Excitation of whistler and slow-X waves by runaway electrons in a collisional plasma

Runaway electrons are known to provide robust ideal or collisionless

kinetic drive for plasma wave instabilities in both the whistler and

slow-X branches, via the anomalous Doppler-shifted cyclotron

resonances. In a cold and dense post-thermal-quench plasma,

collisional damping of the plasma waves can compete with the

collisionless drive. Previous studies have found that for its higher

wavelength and frequency, slow-X waves suffer stronger collisional

damping than the whistlers, while the ideal growth rate of slow-X

modes is higher. Here we study runaway avalanche distributions that maintain the same eigen distribution and increase only in magnitude over time.
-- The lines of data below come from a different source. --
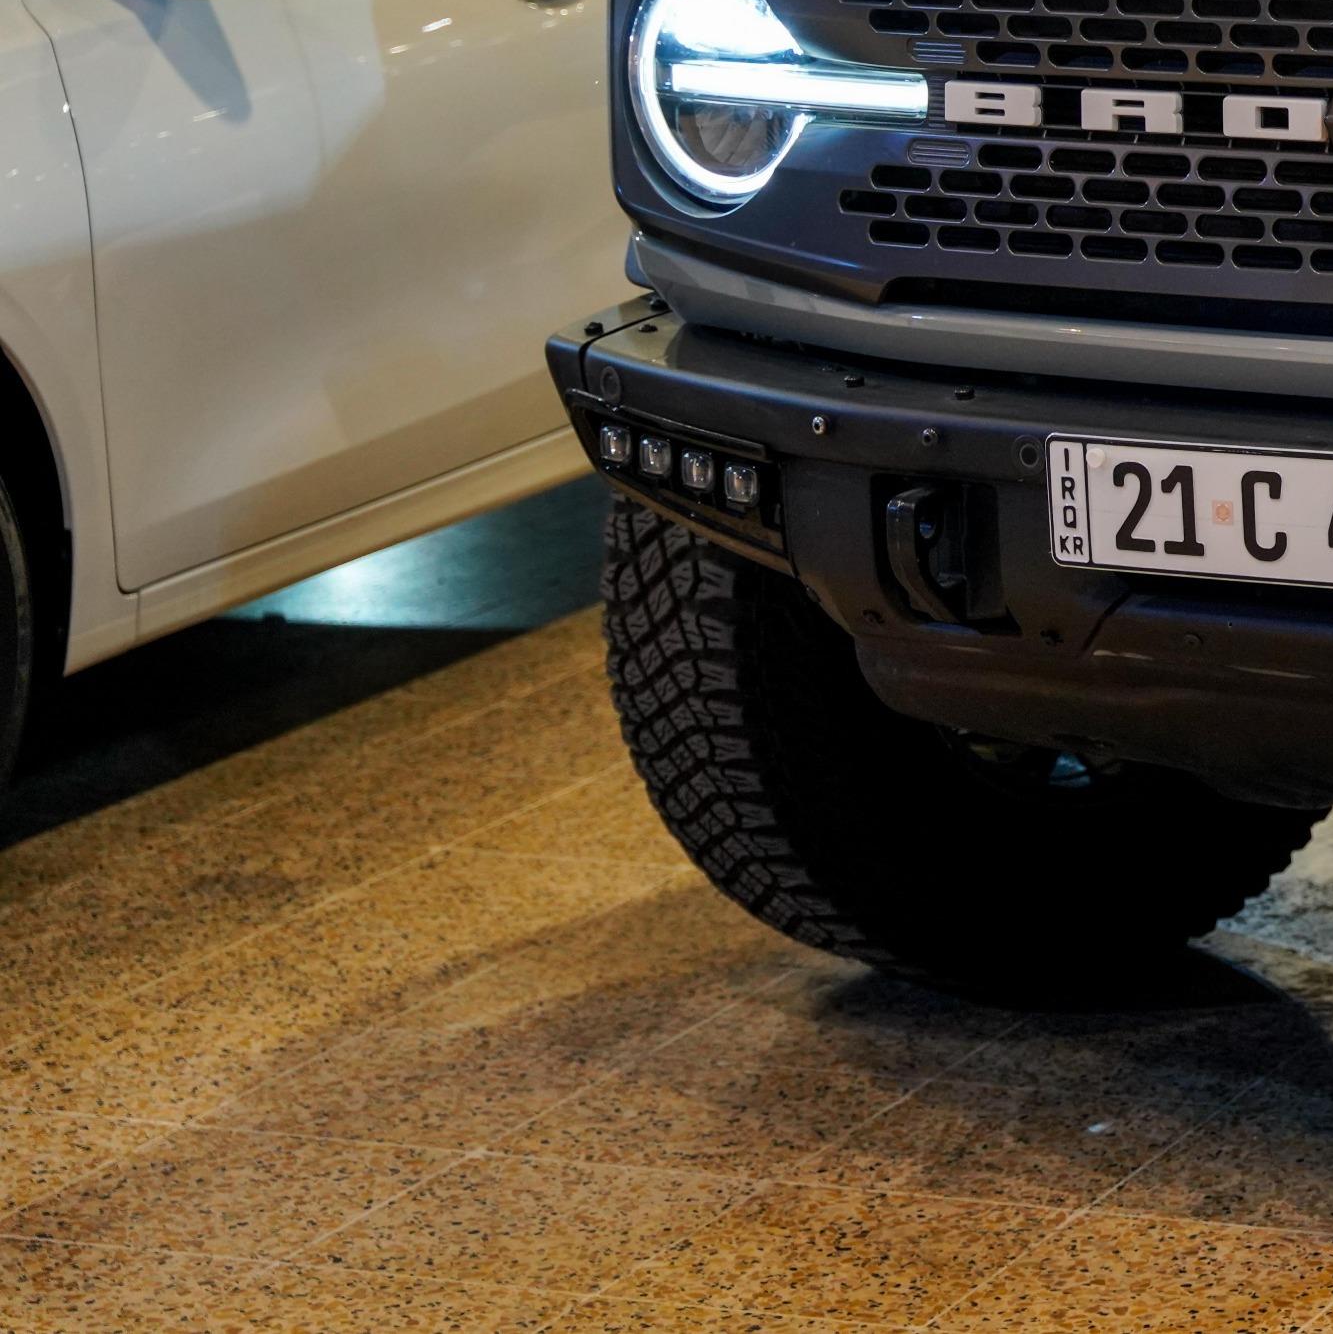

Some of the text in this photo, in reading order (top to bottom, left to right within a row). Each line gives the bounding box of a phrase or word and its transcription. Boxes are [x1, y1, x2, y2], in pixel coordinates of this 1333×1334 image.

[1112, 461, 1205, 556] 21
[1240, 470, 1288, 561] C
[1059, 535, 1085, 556] KR
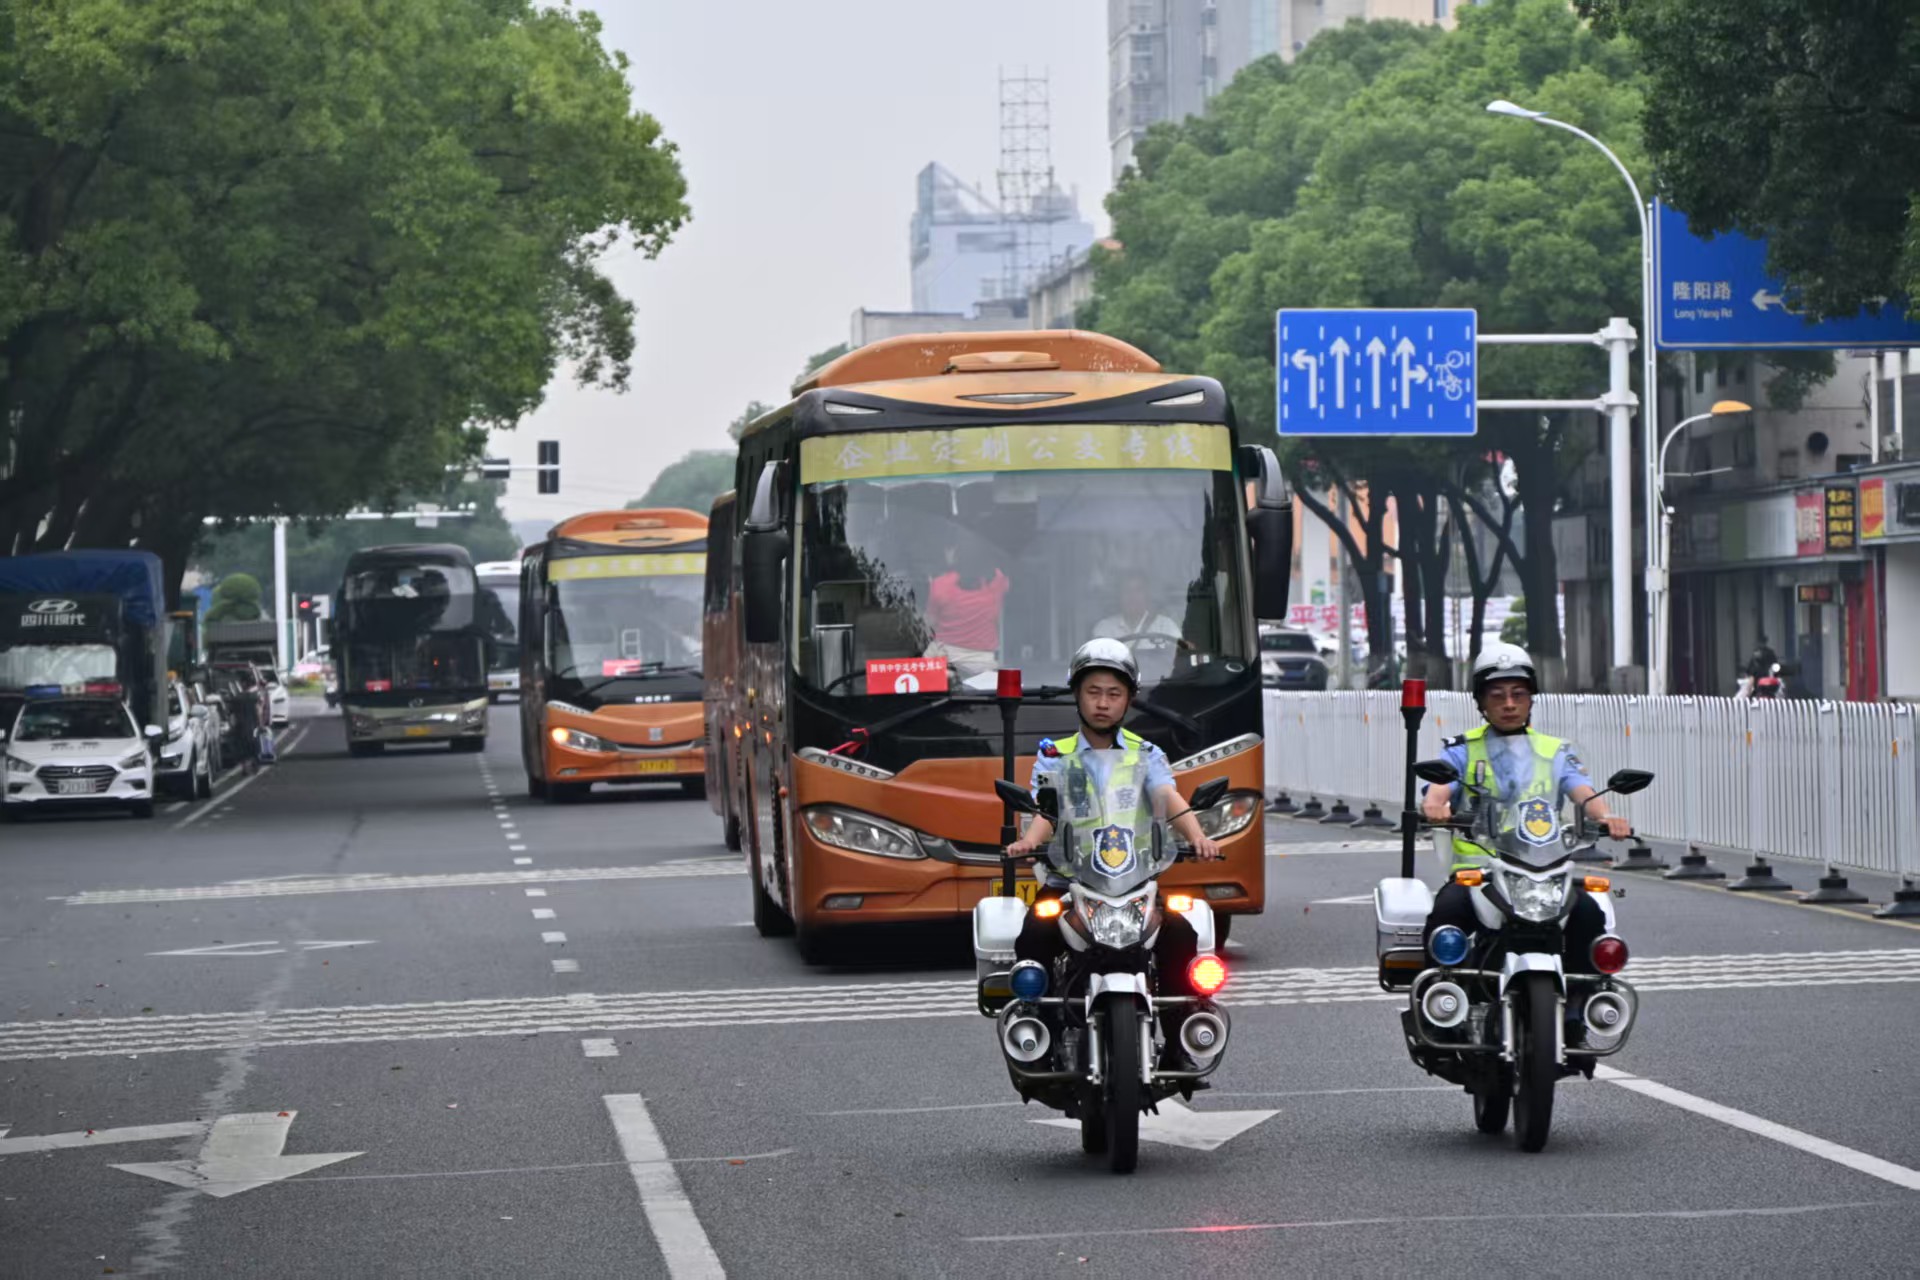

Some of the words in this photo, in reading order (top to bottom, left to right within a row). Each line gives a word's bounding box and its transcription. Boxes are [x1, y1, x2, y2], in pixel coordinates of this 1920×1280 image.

[1672, 281, 1731, 301] 隆阳路
[1674, 307, 1695, 320] Long
[1697, 307, 1720, 320] Yang
[1721, 307, 1733, 318] Rd
[835, 429, 1202, 471] 企业定制公交专线
[21, 612, 86, 627] 四川现代
[1116, 787, 1137, 809] 察
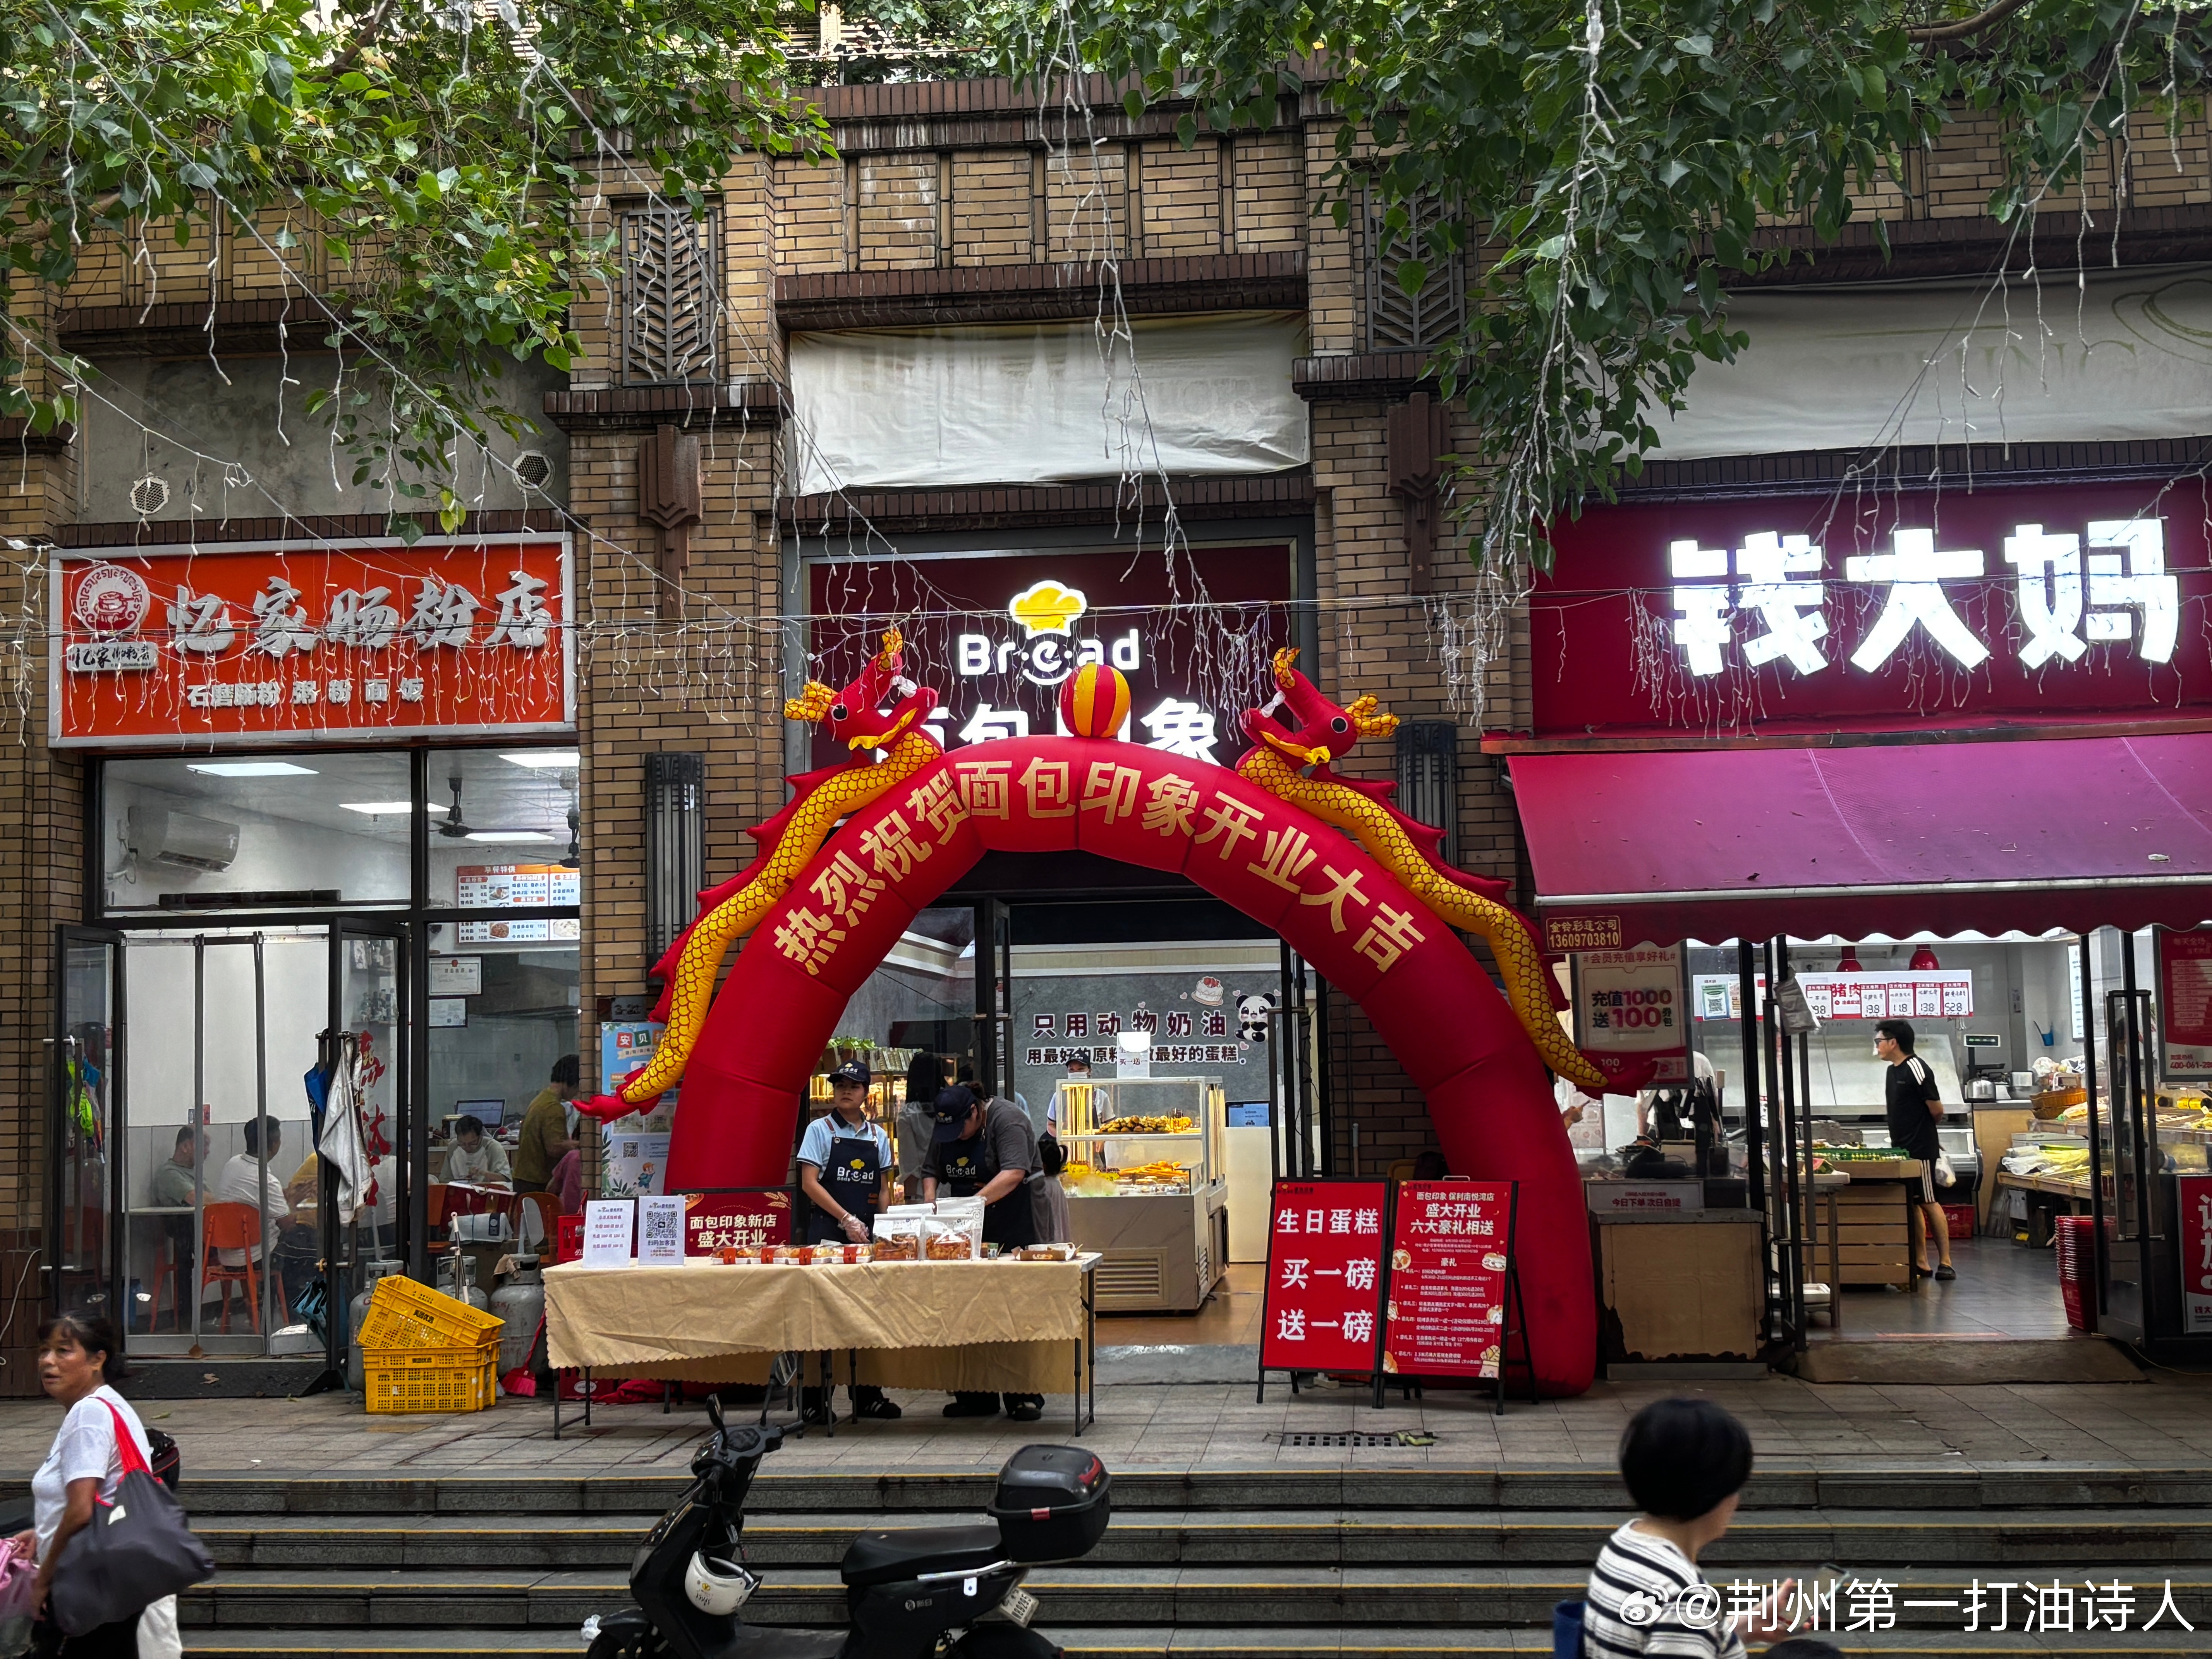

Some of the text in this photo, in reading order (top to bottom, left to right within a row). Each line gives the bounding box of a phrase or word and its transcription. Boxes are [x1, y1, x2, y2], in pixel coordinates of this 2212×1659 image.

[1671, 519, 2178, 675] 钱大妈
[167, 571, 551, 657] 忆家肠粉店
[959, 629, 1139, 677] Bread
[187, 682, 280, 707] 石磨肠粉
[365, 678, 388, 702] 面
[1550, 932, 1619, 948] 13609703810
[1592, 989, 1672, 1006] 充值1000
[1831, 983, 1860, 997] 猪肉
[1032, 1009, 1227, 1039] 只用动物奶油
[1592, 1007, 1661, 1028] 送100
[837, 1166, 874, 1180] Bread
[1417, 1192, 1446, 1200] 面包印象
[1425, 1203, 1481, 1218] 盛大开业
[690, 1213, 777, 1230] 面包印象新店
[1277, 1208, 1378, 1234] 生日蛋糕
[1410, 1219, 1494, 1235] 六大豪礼相送
[697, 1229, 767, 1248] 盛大开业
[1441, 1257, 1457, 1267] 豪礼
[1281, 1257, 1376, 1290] 买一磅
[1277, 1309, 1372, 1343] 送一磅
The distributions are computed from the

relativistic Fokker-Planck-Boltzmann solver, upon which a linear

dispersion analysis is performed to search for the most unstable or

least damped slow-X and whistler modes. Taking into account the

effect of plasma density, plasma temperature, and effective charge

number, we find that the slow-X modes tend to be excited before the

whistlers in a runaway current ramp-up. Furthermore, even when the

runaway current density is sufficiently high that both branches are

excited, the most unstable slow-X mode has much higher growth rate

than the most unstable whistler mode. The qualitative and

quantitative trends uncovered in current study indicate that even

though past experiments and modeling efforts have concentrated on whistler modes, there's a compelling case that slow-X modes should also be a key area of focus in the runaway self-mediation through wave instabilities.